Files (potentially) impacted

The European Union Agency for Cybersecurity (ENISA) has published a Micro, Small and Medium-sized Enterprises (SME) Cyber Resilience Maturity Assessment Model, a practical tool to help smaller firms assess their readiness for the Cyber Resilience Act (CRA). The model, released on 13 July 2026, provides a structured approach for SMEs to evaluate and improve their cyber resilience across five domains: governance and documentation, risk management and security by design, vulnerability and patch management, product life cycle management, and awareness and skills. It offers three maturity profiles—basic, intermediate, advanced—and includes a downloadable Excel tool for self-assessment. ENISA stresses that an advanced maturity level does not replace legal obligations or serve as evidence of compliance.
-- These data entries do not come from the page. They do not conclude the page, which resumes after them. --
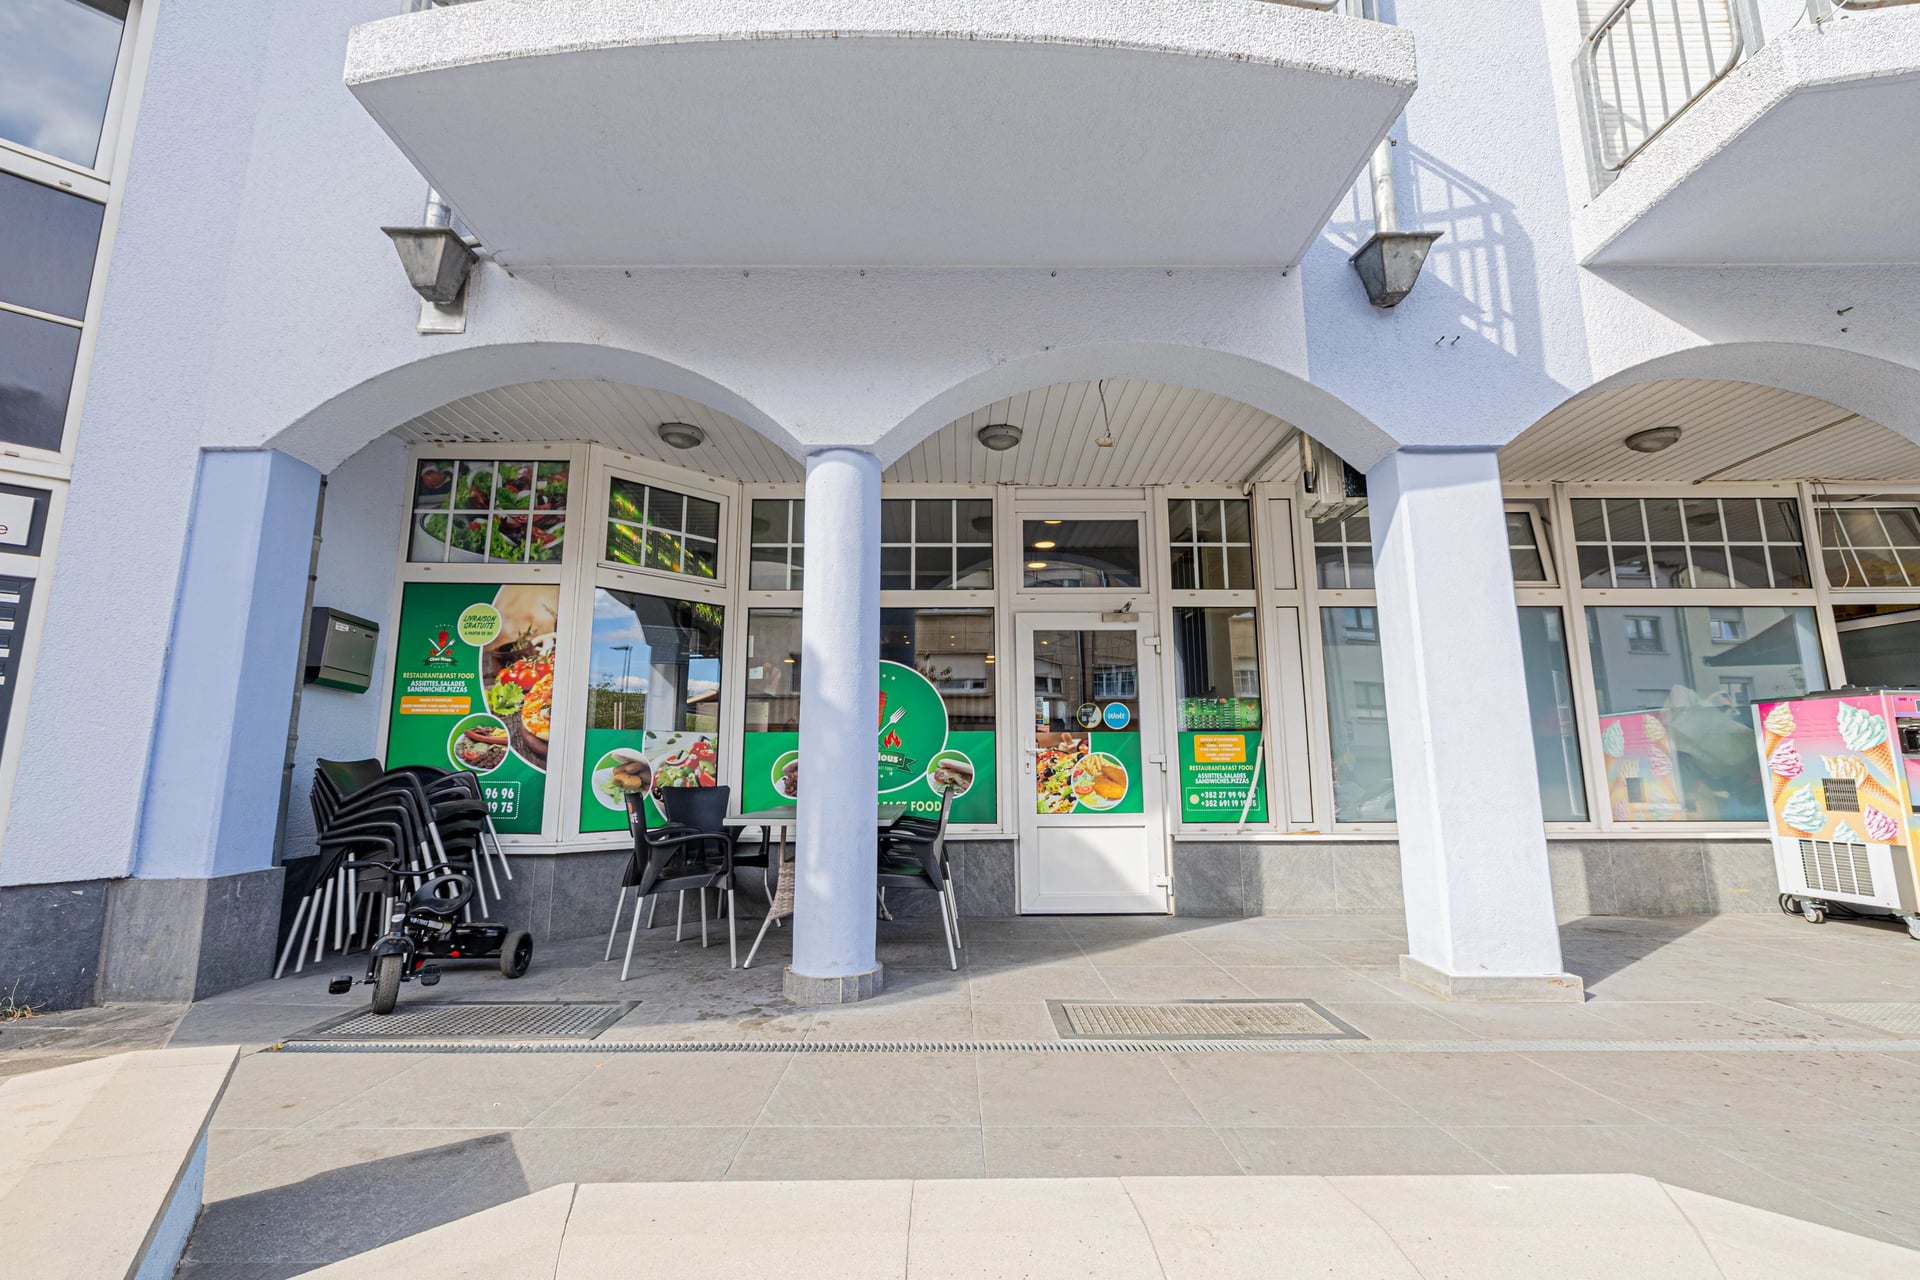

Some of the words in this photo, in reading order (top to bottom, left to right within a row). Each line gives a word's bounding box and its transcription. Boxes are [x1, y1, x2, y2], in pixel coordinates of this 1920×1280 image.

[1108, 712, 1125, 720] Wolt
[485, 787, 498, 799] 96
[501, 787, 514, 799] 96
[1200, 791, 1217, 799] +352
[1218, 791, 1227, 799] 27
[1228, 791, 1237, 799] 99
[1237, 791, 1247, 799] 96
[487, 801, 498, 813] 19
[501, 801, 514, 813] 75
[911, 800, 942, 812] FOOD
The model is part of the European Commission’s SME cybersecurity strategy and targets organisations that manufacture or place products with digital elements on the market, as well as integrators and service providers. It follows a survey conducted by ENISA in February and March 2026, whose findings were published on 24 June 2026. The survey, covering 194 organisations from 31 countries (including 25 EU member states), revealed a gap between awareness and practical readiness: 66% of respondents had heard of the CRA, but understanding of its requirements remained limited. Medium-sized companies scored about one point higher than microcompanies across all domains, and incident response and product life cycle management emerged as the weakest areas, especially for micro-firms. The most requested support was practical templates—technical documentation and secure development templates were each requested by over 70% of respondents. Financial support was highlighted by 142 respondents as a key need.
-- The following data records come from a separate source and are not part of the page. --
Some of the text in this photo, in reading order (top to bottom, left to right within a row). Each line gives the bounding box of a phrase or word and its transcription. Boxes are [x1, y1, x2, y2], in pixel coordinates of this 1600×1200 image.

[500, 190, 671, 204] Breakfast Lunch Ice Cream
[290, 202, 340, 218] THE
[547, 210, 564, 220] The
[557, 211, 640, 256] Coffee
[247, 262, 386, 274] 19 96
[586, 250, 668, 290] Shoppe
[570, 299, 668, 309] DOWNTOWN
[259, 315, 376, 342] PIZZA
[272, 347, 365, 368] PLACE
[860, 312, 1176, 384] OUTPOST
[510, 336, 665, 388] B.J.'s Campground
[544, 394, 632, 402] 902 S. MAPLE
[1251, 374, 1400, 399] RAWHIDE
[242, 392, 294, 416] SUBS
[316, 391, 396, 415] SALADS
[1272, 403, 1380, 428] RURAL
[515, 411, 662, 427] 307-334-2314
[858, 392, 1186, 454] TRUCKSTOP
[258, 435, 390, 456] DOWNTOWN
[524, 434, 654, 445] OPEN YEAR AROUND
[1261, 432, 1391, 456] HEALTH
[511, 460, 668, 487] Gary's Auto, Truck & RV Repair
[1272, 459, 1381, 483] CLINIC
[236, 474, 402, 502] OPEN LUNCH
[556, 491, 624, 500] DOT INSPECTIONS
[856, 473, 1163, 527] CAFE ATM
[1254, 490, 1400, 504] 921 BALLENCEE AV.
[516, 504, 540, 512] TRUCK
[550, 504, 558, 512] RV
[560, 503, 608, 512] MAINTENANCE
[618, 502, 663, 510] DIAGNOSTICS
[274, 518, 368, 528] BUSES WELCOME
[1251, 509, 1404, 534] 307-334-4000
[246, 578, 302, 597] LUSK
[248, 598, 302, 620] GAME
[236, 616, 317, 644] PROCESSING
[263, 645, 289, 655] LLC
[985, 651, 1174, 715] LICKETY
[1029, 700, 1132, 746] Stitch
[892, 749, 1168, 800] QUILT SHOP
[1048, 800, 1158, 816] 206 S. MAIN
The maturity model and survey aim to address these challenges by offering a manageable path for SMEs to strengthen product security and cyber resilience over time. ENISA recommends focusing on documentation and conformity assessment, developing technical documentation templates, improving incident response and product life cycle management, and providing financial support, with specific measures for microcompanies. The agency plans to continue developing practical guidance and tools as part of the EU's broader cybersecurity framework.